When Writing is Tough, Remember Norm
Vicki Hinze © 2004
During the years I've worked on
the Aids4Writers program, I've often received questions or soul-baring notes from writers
who are having a tough time writing and want help to overcome it, or who
just needed someone who "gets it" to listen to the tough times they're having
writing.
The reasons are as varied as we are
individual, and I hope by sharing this post, when you have trouble writing, you'll
find the subject of it the source of inspiration I've found.
There are times when every writer, regardless
of how much s/he loves writing, when it's work and the joy of being able to
write is buried under the burdens we're carrying. Pulling teeth would be easier
than crafting words and phrases and sentences that relay cohesive
thought.
Maybe we've overbooked our schedule, or
unexpected events have come up that have upset our applecarts. Life always
intrudes. You're sick, the kids or spouse is sick, someone you don't know is
sick, but you must fill in for them. The committee that was supposed to take 15
minutes of your time a week is taking 2 hours every single day. The group you
joined to interact with other writers needs volunteers, and if you belong,
you must volunteer for something. Your life is in turmoil due to work, family,
friends, circumstances out of your control.

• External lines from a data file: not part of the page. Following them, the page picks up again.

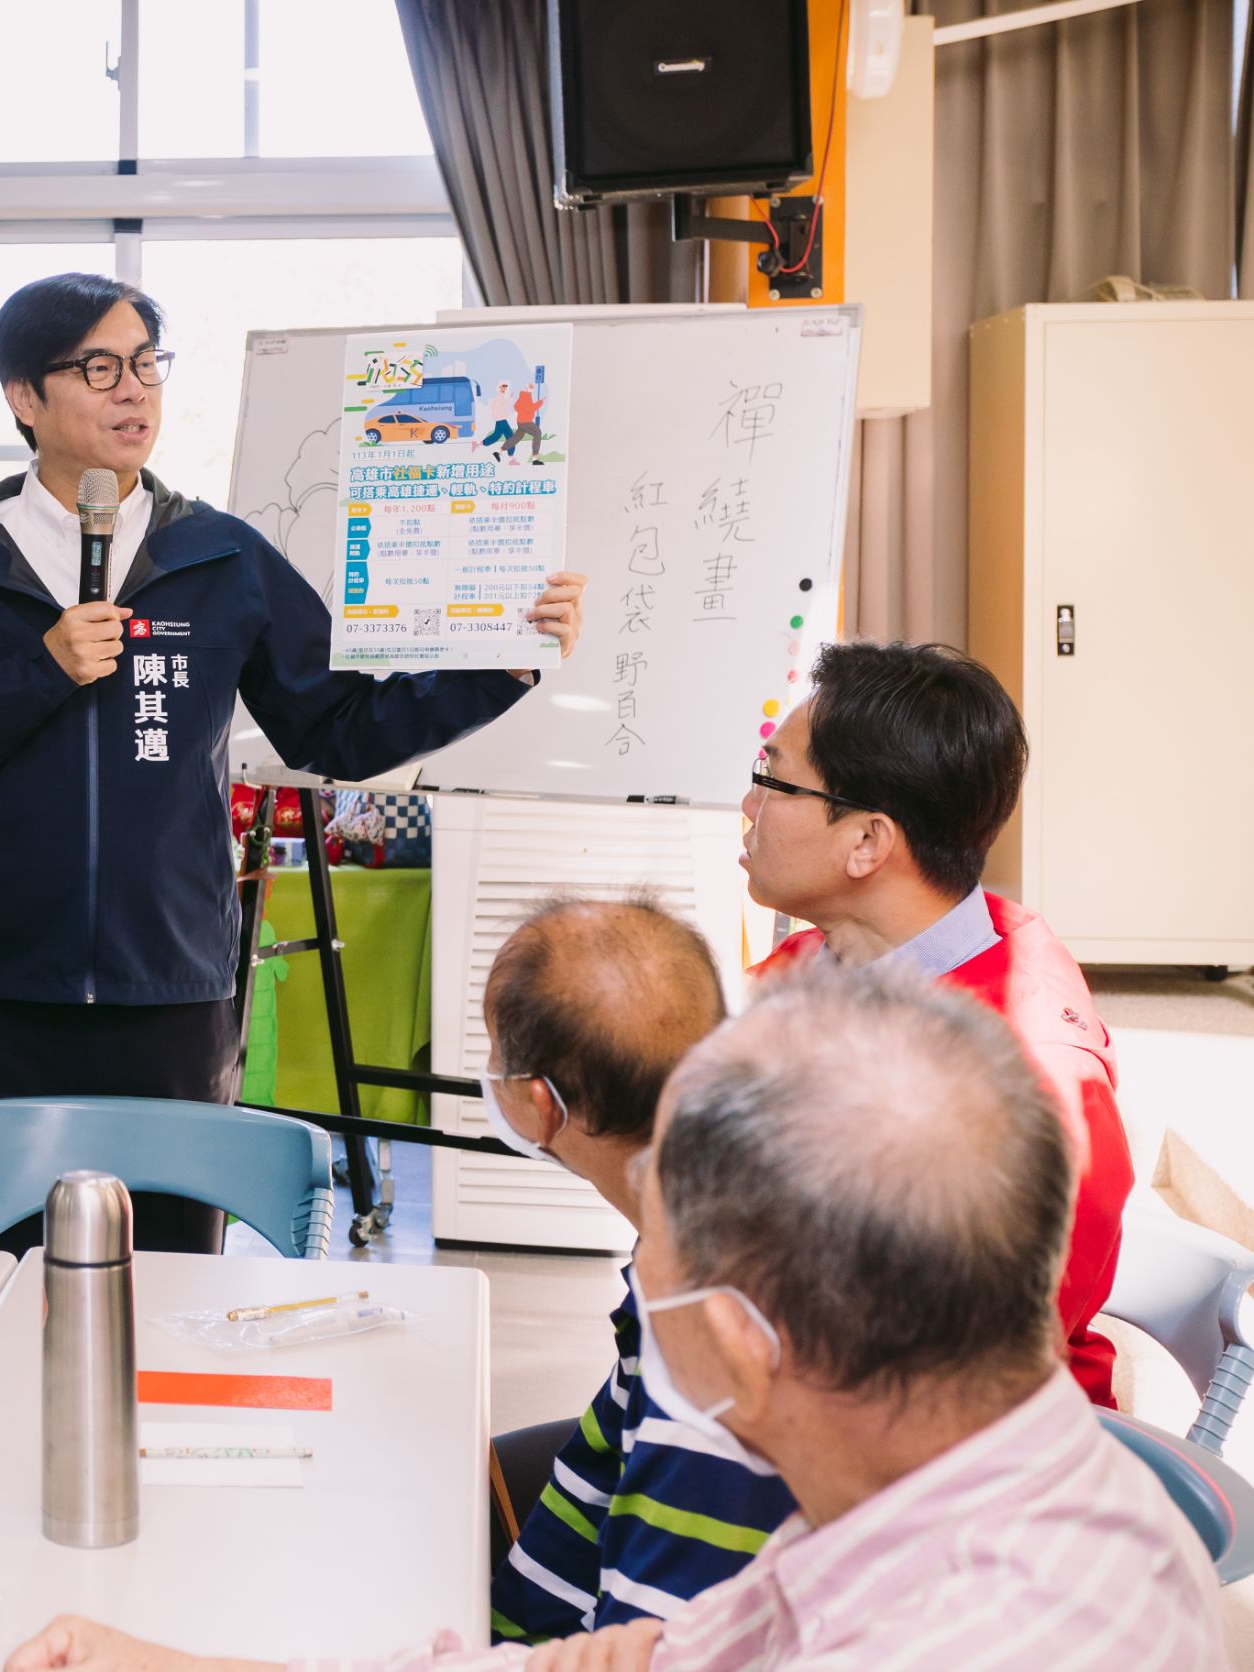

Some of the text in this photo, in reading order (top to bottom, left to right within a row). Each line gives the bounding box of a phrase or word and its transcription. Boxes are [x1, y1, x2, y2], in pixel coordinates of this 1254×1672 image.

[350, 463, 496, 482] 高雄市社福卡新增用途
[346, 623, 407, 633] 07-3373376
[450, 622, 513, 632] 07-3308447
[171, 653, 189, 688] 市長
[133, 653, 170, 762] 陳其邁
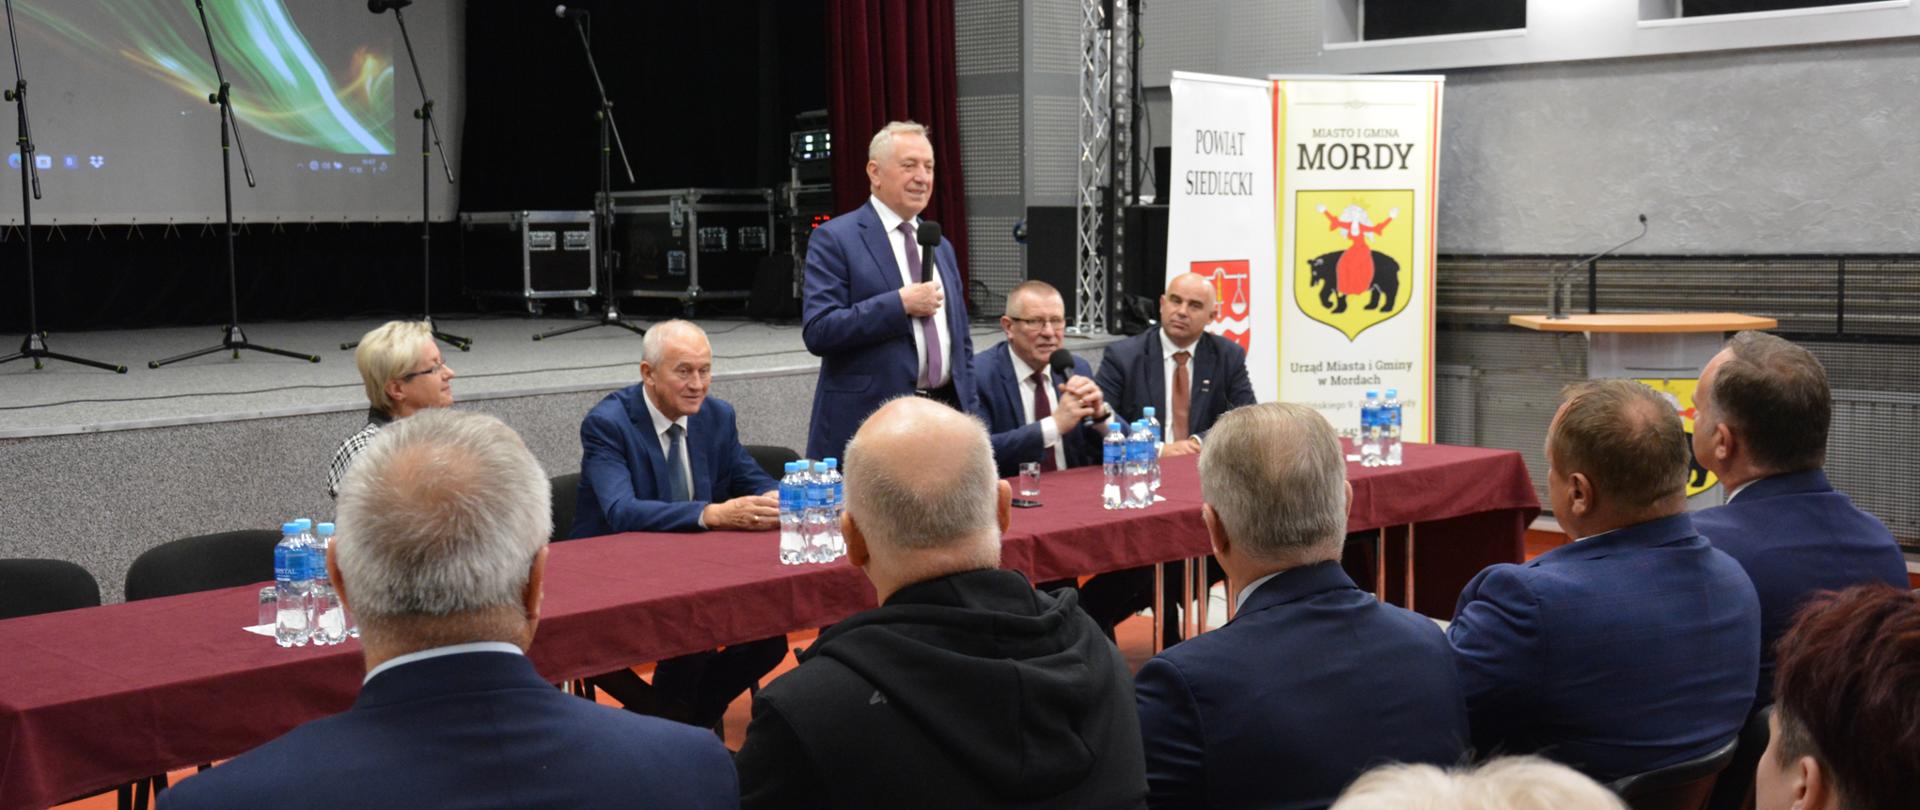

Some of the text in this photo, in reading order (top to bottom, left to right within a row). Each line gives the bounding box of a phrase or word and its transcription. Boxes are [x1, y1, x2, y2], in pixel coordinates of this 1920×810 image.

[1195, 130, 1245, 156] POWIAT
[1312, 128, 1355, 138] MIASTO
[1363, 128, 1400, 138] GMINA
[1296, 143, 1414, 170] MORDY
[1185, 170, 1253, 196] SIEDLECKI
[1290, 362, 1323, 374] Urząd
[1326, 361, 1366, 372] Miasta
[1375, 360, 1413, 373] Gminy
[1318, 374, 1381, 386] w Mordach

Those are but a few of the countless things
that happen and impact your writing life. And all you can be sure of is
this: Things are going to continue to happen that make it easy not to write.
Sometimes sheer will isn't enough to work past
them. You need more. You need inspiration.
Inspiration can come in any form. For me, one
very strong source was in a man by the name of Norm.
Norm joined the Aids4Writers list shortly
after I started it, which was years ago. How many exactly, I've forgotten now and
it isn't germane, so I'm not going to stop and look it up. What is
important is that nearly from the beginning, Norm was a subscriber.
Norm emailed me often privately, asking
questions, sharing antidotes, and chatting about his love for writing. Through
the years, we shared life's up and downs and our work. What was going well, what
wasn't. Techniques, methods, ideas--all the things we writers love to
explore.
I admired Norm. Writing wasn't just hard for
him, it was a constant struggle, and yet his love for it shone in his
every word. His stories were earthy and real. His characters were people flawed to
the core and rich in life. Norm was wise and warm and wonderful. He had been married for most of his life, and
still called his beloved wife, Shirley, "My Bride."
He had goats on his farm. And when one was
born and its mother died in childbirth, he brought the baby into his home
and tucked it under his electric blanket in his bed, to keep it warm. He and
his Bride nursed it and the baby goat lived.
Norm respected life.
His life hadn't been easy. He had a 2nd grade
education, which made for challenges in his becoming a writer. But he
taught himself and he learned from others. He also had a medical challenge that
made reading an exercise in patience. It would take Norm about a year to
read a book because of this medical challenge--but read he did.
Norm had to work at becoming a writer--harder
than most of have to work at it. He wrote beautiful stories. He
started a writer's group, where they helped each other. He offered
his wisdom and insight to other writers in a critique group.
He won the Author's Friend Award, and accepted
it with humility and grace. He continued to write through worsening
medical conditions. He continued to help other writers through many
challenges.
Norm died a week ago Friday.
I'm richer for having had the privilege of
knowing him.
I'm richer for having had the privilege of
reading some of his stories.
Writers are richer for having had the benefit
of his warm wit and gentle wisdom.
Norm's stories were never published, yet they
will be remembered. And when writing times are tough, I'll do what I've
done for all the years he has been with me at Aids4Writers:
I'll remember Norm's special hardships and his
extra burdens and how he persisted in writing in spite of those things
with such dignity and grace.
I'll remember a man, a friend, who struggled
longer and harder and received far fewer rewards, but wrote for the love and
joy of it--even when it was hard work. It was ALWAYS hard work.
I'll remember Norm, a treasured source of
inspiration, and I'll write.
Blessings,
Vicki
NOTE: For those so inclined, please join me in
keeping Norm and his Bride, Shirley, in your prayers. Thank you!